Hay otro dato. Ortega ofreció a la cadena estadounidense Fox News una entrevista que según analistas nicaragüenses pretendió “llamar la atención” del mandatario de ese país, Donald Trump, pero sin éxito, a juzgar por las declaraciones que inmediatamente después emitió el vicepresidente Mike Pence, al exigirle al Gobierno de Nicaragua que cese la violencia y adelante las elecciones.

“El gobierno del presidente Ortega da sus discursos recordando siempre el imperialismo de Estados Unidos, los yanquis, el injerencismo, pero después de la visita que hizo el embajador Trujillo (Carlos Trujillo, representante de Estados Unidos ante la Organización de Estados Americanos) acá y otras personas del Departamento de Estado, la tónica del discurso de Ortega no ha vuelto a tocar el tema de Estados Unidos, por lo que nosotros creemos que si bien quiere mantenerse en el poder a base de fuerza y violencia y más muerte, la negociación que debe estar con Estados Unidos aún no se puede descartar. Sería una ventana que está allí que no ha cerrado porque evidentemente no le conviene”, agregó Salazar.

La Organización de Estados Americanos (OEA), y a pesar de la resistencia de la representación de Nicaragua, Bolivia y Venezuela, aprobó la pasada semana una condena a los actos de violencia en Nicaragua, invitó a participar “activamente y de buena fe” en el diálogo nacional e instó al Gobierno a “que apoye un calendario electoral”, en una resolución aprobada por el Consejo Permanente por 21 votos a favor.

La resolución de la OEA condenó “los ataques contra el clero, el hostigamiento a los obispos católicos que participan en el diálogo nacional, los actos de violencia en la Universidad Nacional Autónoma de Nicaragua (UNAN), la sede de Caritas y otros manifestantes pacíficos”.

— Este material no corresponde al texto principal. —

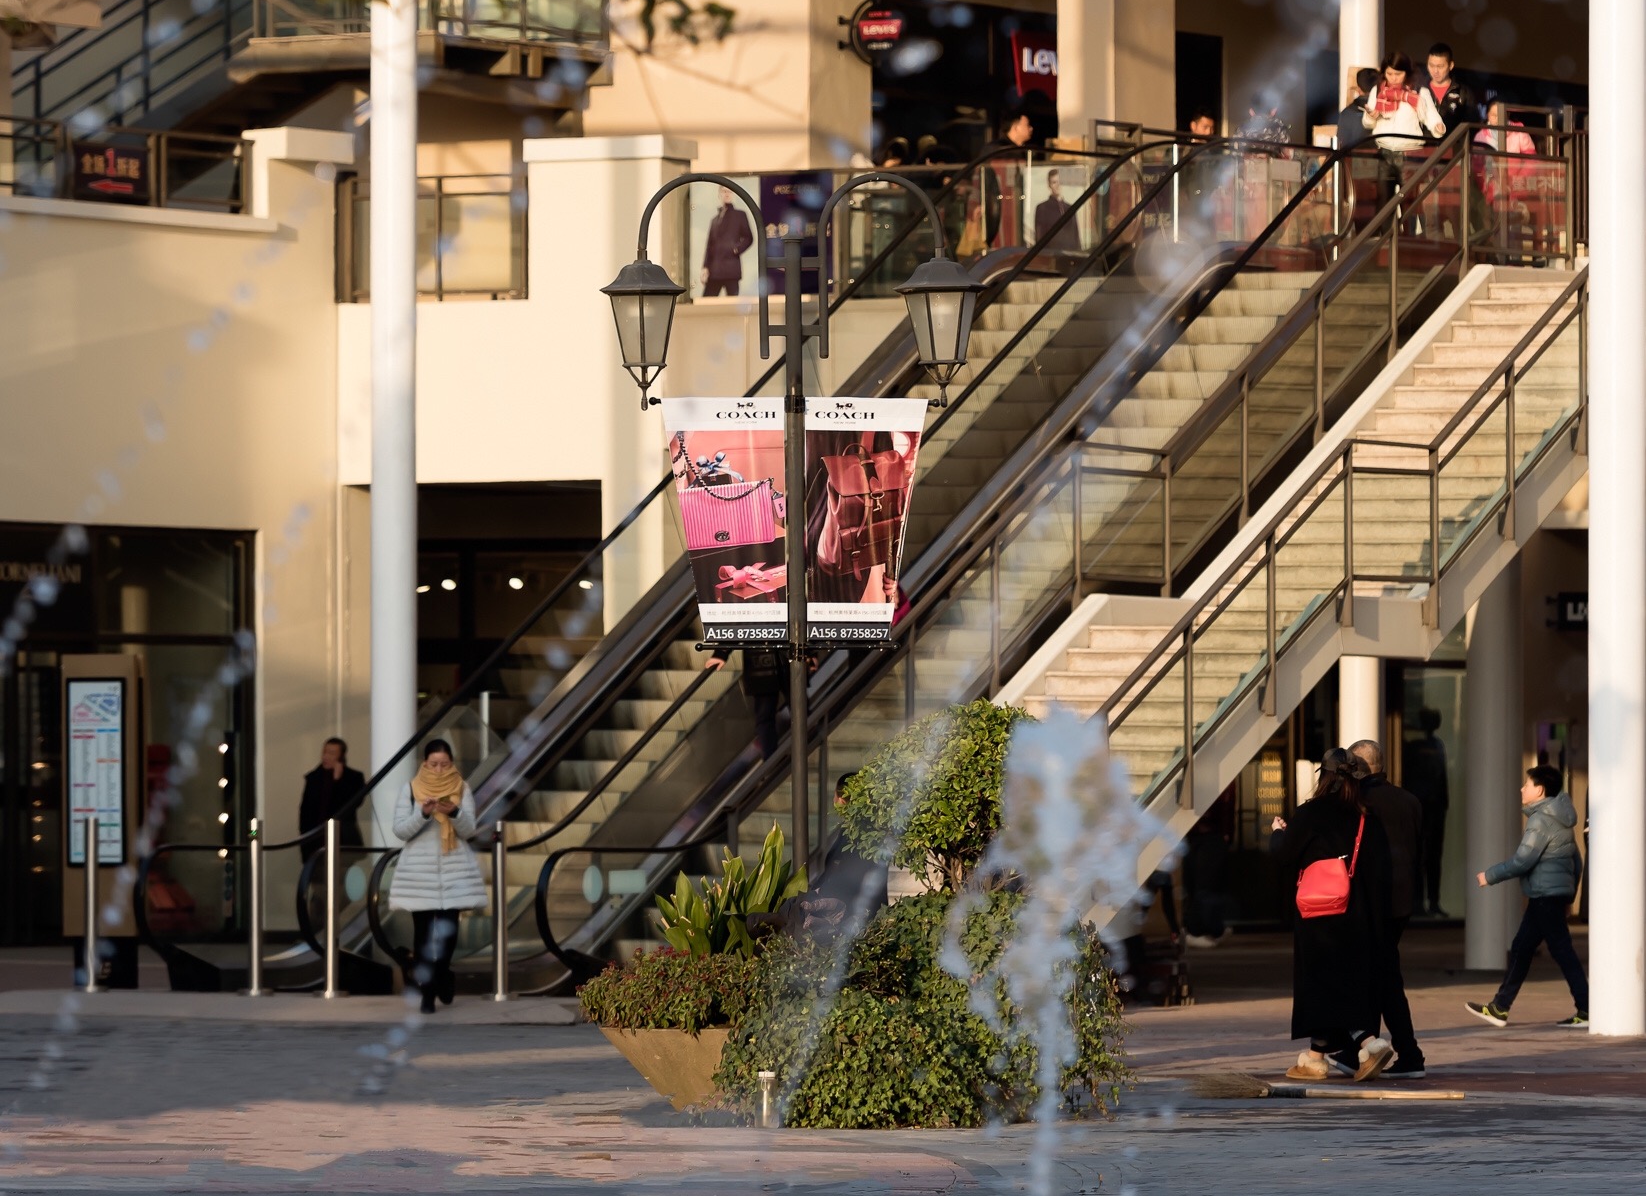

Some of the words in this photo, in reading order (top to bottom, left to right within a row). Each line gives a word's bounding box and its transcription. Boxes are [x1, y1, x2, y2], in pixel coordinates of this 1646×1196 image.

[716, 410, 776, 420] COACH
[815, 410, 875, 420] COACH
[706, 627, 735, 639] A156
[737, 628, 786, 639] 87358257
[809, 626, 838, 638] A156
[840, 628, 889, 639] 87358257

Salazar contó además que la resolución de la OEA fue seguida con atención por la población a pesar de la incertidumbre y el temor que reina en las calles nicas. La sombra de la dictadura de Somoza, a la cual Ortega enfrentó, ronda las calles de la nación centroamericana.

“Ciertamente el comunicado no incluye una sanción como en 1978, cuando la OEA dijo que el Gobierno de Somoza se tenía que ir. Esta vez fue un discurso no tan contundente y no se sabe qué va a pasar. El Gobierno no se da por enterado de las presiones internacionales, pero la gente mantiene una esperanza en ese tipo de reuniones, las sigue como si se tratase de un partido de fútbol, agradece estos gestos porque cree que de allí podrían salir algunos pasos para cambiar la situación”.